(Work to complete): You are asked to repeat the listing word for word and to leave out its pictures.
________
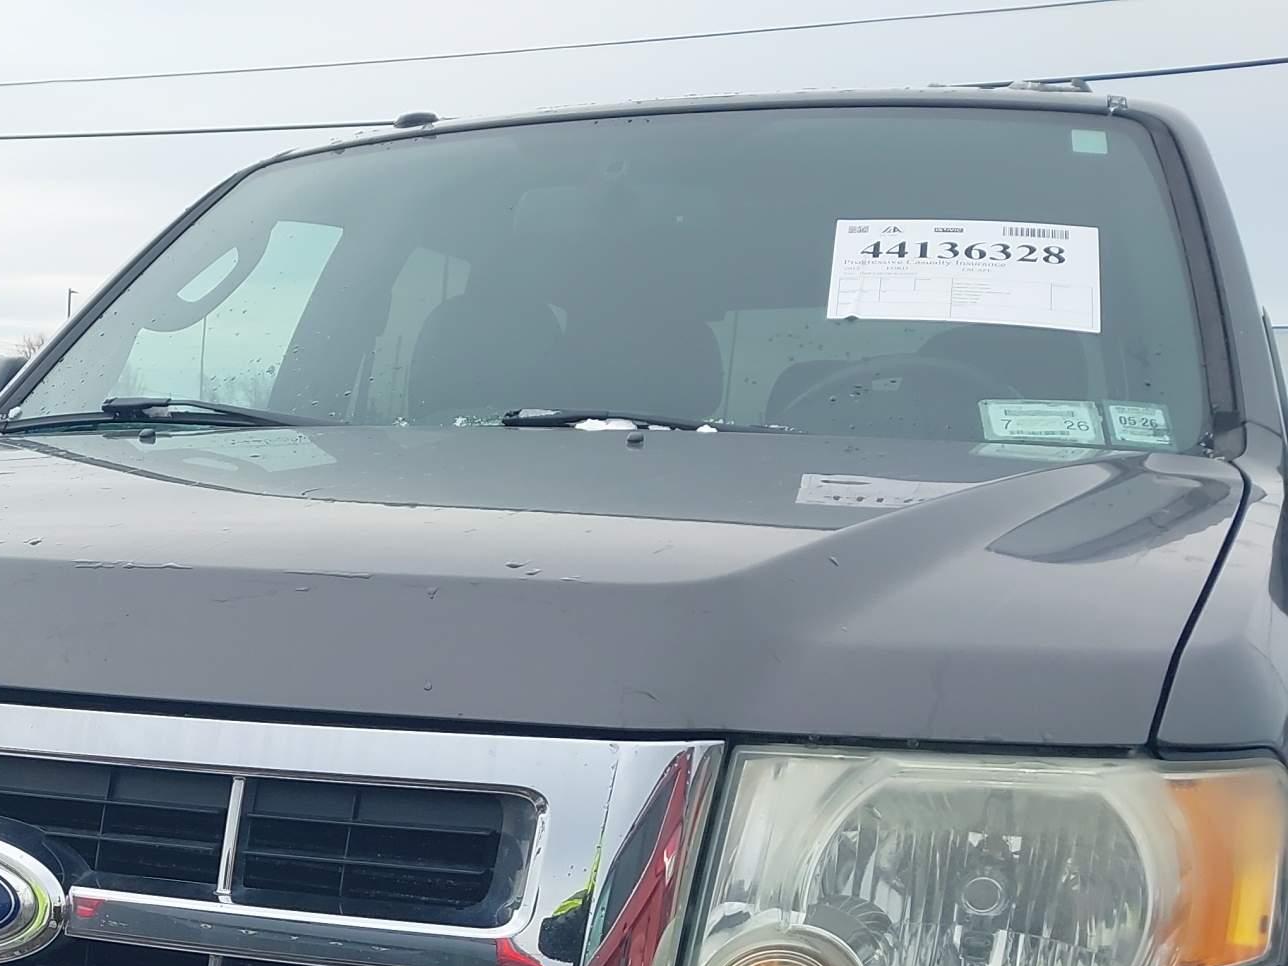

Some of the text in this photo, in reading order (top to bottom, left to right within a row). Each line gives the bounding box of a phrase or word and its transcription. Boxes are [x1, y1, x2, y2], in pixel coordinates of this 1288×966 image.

[860, 240, 1066, 265] 44136328
[1000, 418, 1090, 432] 7 26
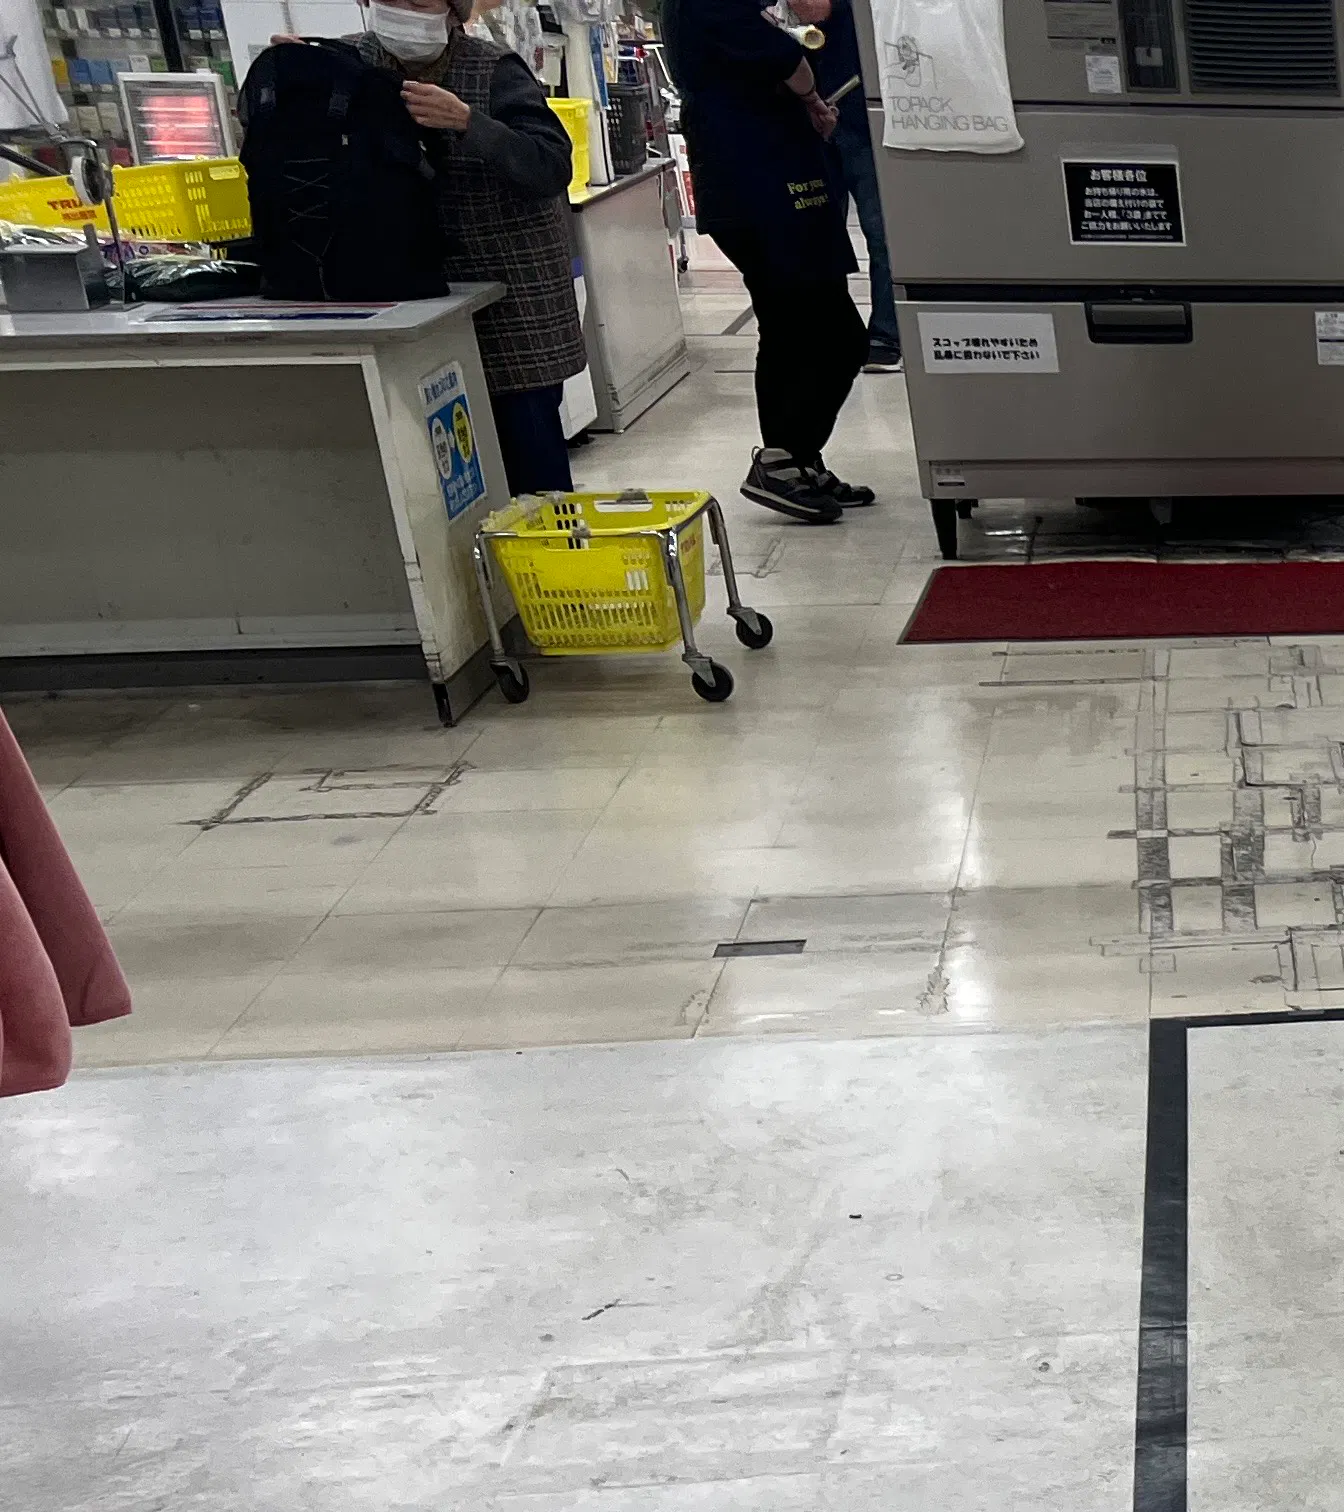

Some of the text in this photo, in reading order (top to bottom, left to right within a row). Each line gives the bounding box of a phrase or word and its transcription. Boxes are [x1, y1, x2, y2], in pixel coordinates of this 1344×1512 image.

[888, 96, 954, 113] TOPACK
[891, 114, 1009, 132] HANGING BAG
________
(Task response):
Some of the text in this photo, in reading order (top to bottom, left to right within a row). Each line gives the bounding box of a phrase or word and its transcription. Boxes are [x1, y1, x2, y2], in pixel coordinates of this 1288×966 image.

[860, 240, 1066, 265] 44136328
[1000, 418, 1090, 432] 7 26

Some of the text in this photo, in reading order (top to bottom, left to right within a row). Each line gives the bounding box of a phrase or word and its transcription. Boxes are [x1, y1, x2, y2], in pixel coordinates of this 1344×1512 image.

[888, 96, 954, 113] TOPACK
[891, 114, 1009, 132] HANGING BAG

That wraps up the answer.